Rationale: Ventilation in the prone position for about 7 hours per day in patients with the acute respiratory distress syndrome, acute lung injury or acute respiratory failure does not decrease mortality. Whether it is beneficial to administer prone ventilation early, and for longer periods of time, is unknown. Methods: We enrolled 136 patients within 48 hours of tracheal intubation for severe acute respiratory distress syndrome, 60 randomized to supine and 76 to prone ventilation. Guidelines were established for ventilator settings and weaning.
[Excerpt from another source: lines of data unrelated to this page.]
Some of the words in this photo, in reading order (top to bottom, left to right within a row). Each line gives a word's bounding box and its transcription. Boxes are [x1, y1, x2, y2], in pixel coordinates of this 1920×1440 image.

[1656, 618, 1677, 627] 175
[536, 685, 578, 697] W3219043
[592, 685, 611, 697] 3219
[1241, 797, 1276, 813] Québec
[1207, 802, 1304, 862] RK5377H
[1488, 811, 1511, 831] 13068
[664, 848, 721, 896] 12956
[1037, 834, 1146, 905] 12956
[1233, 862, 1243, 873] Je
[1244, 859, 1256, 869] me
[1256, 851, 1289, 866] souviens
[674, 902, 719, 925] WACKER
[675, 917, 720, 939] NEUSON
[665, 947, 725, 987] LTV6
The prone group was targeted to receive continuous prone ventilation treatment for 20 hours/day. Results: The intensive care unit mortality was 58% (35/60) in the patients ventilated supine and 43% (33/76) in the patients ventilated prone, P=0.12. The latter had a higher simplified acute physiology score II at inclusion. Multivariate analysis showed that simplified acute physiology score II at inclusion (odds ratio 1.07, P<0.001), number of days elapsed between ARDS diagnosis and inclusion (odds ratio 2.83, P<0.001), and randomization to supine position (odds ratio 2.53, P=0.03) were independent risk factors for mortality. A total of 718 turning procedures were done and prone position was applied for a mean of 17 hours/day for a mean of 10 days. A total of 28 complications were reported, and most were rapidly reversible. Conclusion: Prone ventilation is feasible and safe, and may reduce mortality in patients with severe acute respiratory distress syndrome when it is initiated early and applied for most of the day.


Key words: Respiratory distress syndrome, adult. Respiration, artificial. Prone position.